No production will bring more of a smile than Moliere’s French farce La Malade Imaginaire, adapted by Roger McGough for the Liverpool Everyman & Playhouse in a co-production with English Touring Theatre, in the wake of his successful version of Tartuffe last year.

The Hypochondriac looks most at home on the Theatre Royal stage, or rather sat inside the Theatre Royal stage as a theatre within a theatre, curtains and all. Designer Mike Britton provides the obligatory multitude of doors that are open at the start of the play, only to be promptly shut and used brilliantly for myriad purposes, from the hypochondriac Argan’s oft-visited loo and storage cupboard for his enema jars to the constant traffic of more conventional usage as a doorway.

From a choreographed opening that instantly establishes the immaculately timed movements of Gemma Bodinetz’s fast-whirring production, the audience is brought back down to basics by the foghorn blast of Argan (the wonderfully crabby Clive Francis) going about his obsessive ablutions.

“Je regrette…rien,” says a constipated Argan, looking forlornly into his empty pot in the first of McGough’s witty applications of basic French (in much the same way that Alan Ayckbourn has used it so effectively in his new work at the Stephen Joseph Theatre, My Wonderful Day). A deju vu joke is so good that he repeats it.

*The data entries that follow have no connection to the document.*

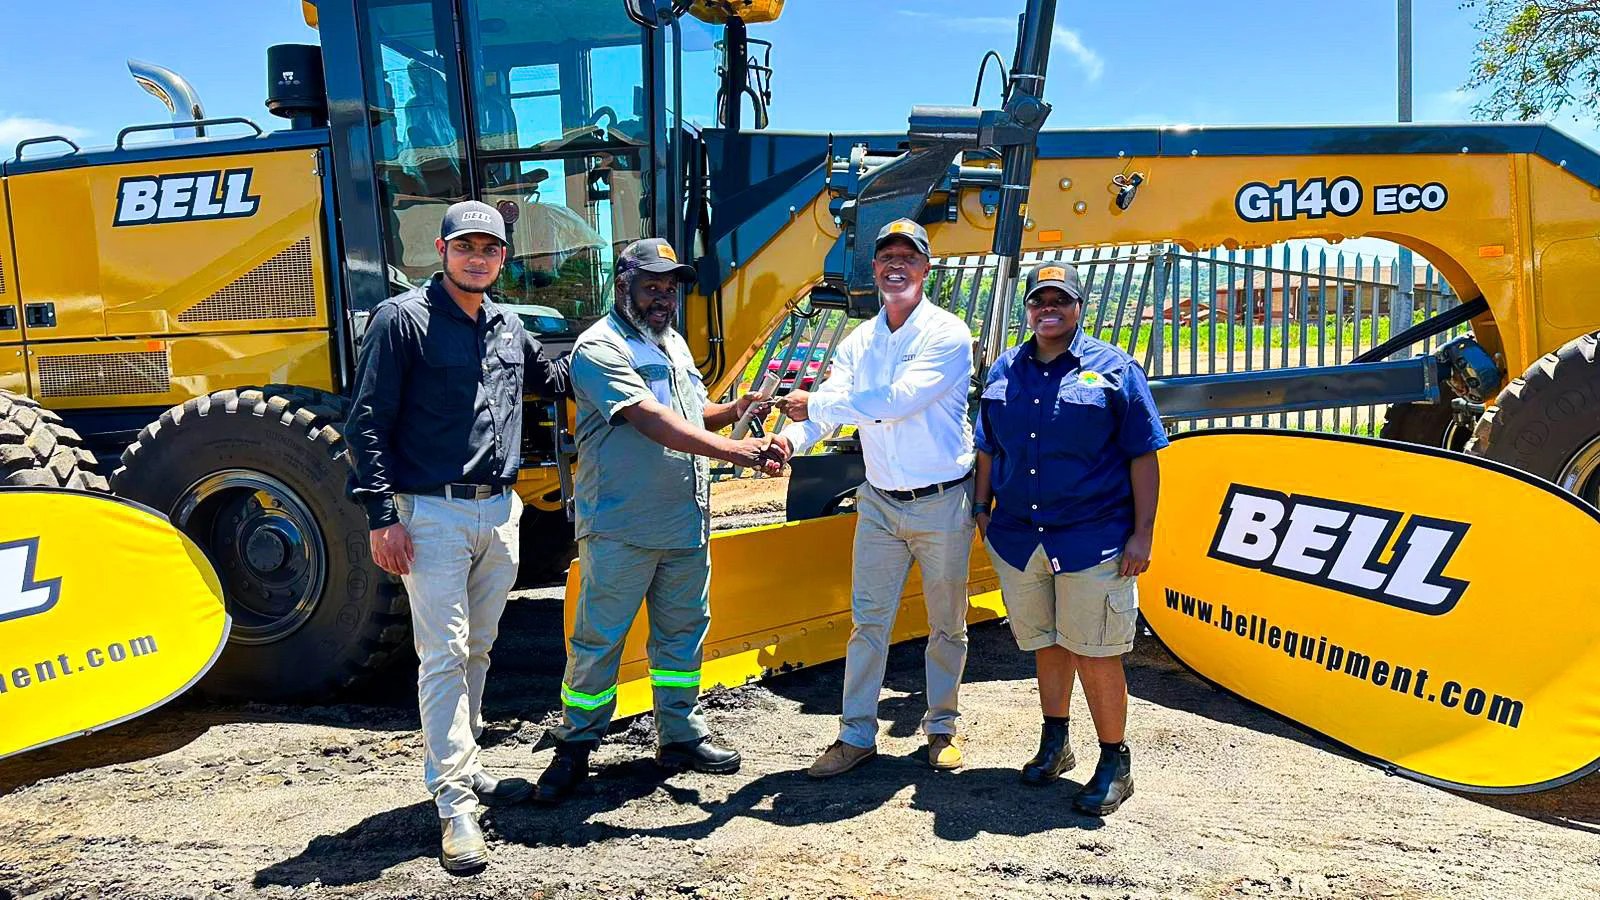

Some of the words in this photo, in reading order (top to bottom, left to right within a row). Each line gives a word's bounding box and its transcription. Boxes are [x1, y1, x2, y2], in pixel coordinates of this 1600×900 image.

[114, 169, 259, 225] BELL
[463, 212, 491, 222] BELL
[1237, 177, 1361, 221] G140
[1375, 183, 1447, 214] ECO
[1210, 485, 1468, 612] BELL
[1165, 588, 1524, 728] www.bellequipment.com
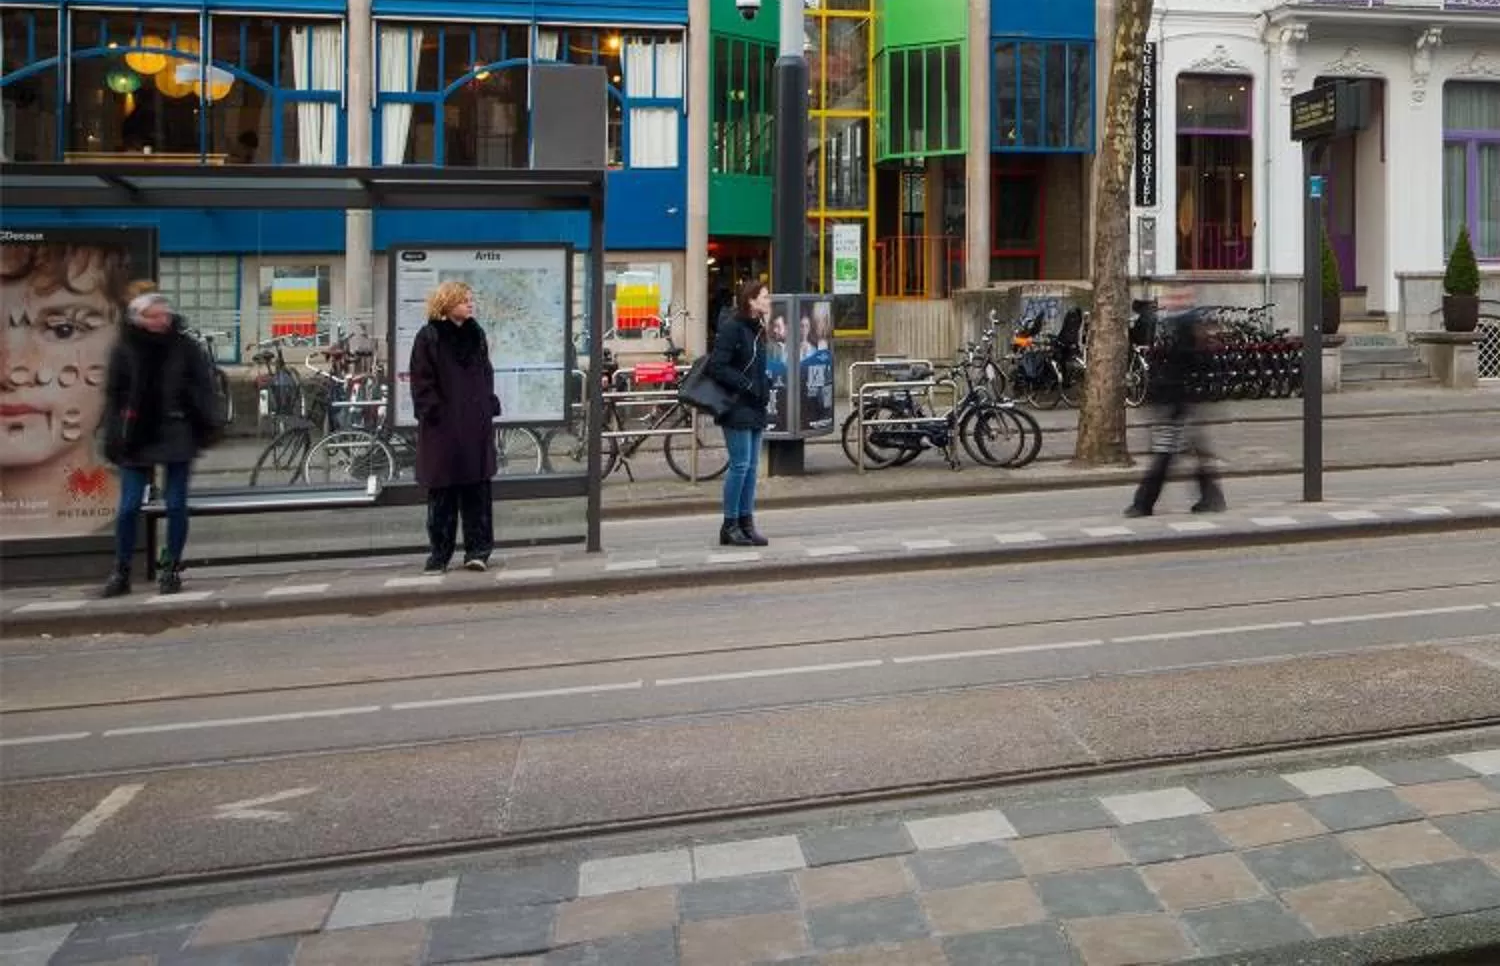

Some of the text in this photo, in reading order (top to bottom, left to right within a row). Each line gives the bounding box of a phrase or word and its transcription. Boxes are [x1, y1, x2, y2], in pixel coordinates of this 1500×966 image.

[1142, 42, 1153, 205] QUENTIN ZOO HOTEL
[476, 251, 501, 261] Artis

McGough, the Liverpool Poet and former member of The Scaffold, has written a lithe and lively but not Liverpudlian adaptation: quick of satirical wit, fleet of foot and blessed with rhythmical couplets with plenty of room for surprise.

His characterisation is well conceived too, especially in the differing speech patterns of the impatient ingénue, Argan’s daughter Angelique (Lucinda Raikes), all thrilling brief bursts, and that of her unwanted fiancé, Thomas (Toby Dantzic), a terminally dull and overbearingly loquacious doctor.

McGough’s humour serves his characters first and foremost, but he shows a lightness of touch in harking back to his days as a folk musician by having Argan mock modern music, and who could stop him indulging in an in-joke at the finale with a reference to Lily The Pink’s medicinal compound. And why not; his generous-spirited fun-and-games frolic finds The Hypochondriac in rollicking rude health.

The Hypochondriac, English Touring Theatre/Liverpool Everyman & Playhouse, at York Theatre Royal, until October 31, 7.30pm and 2.30pm Saturday matinee. Box office: 01904 623568.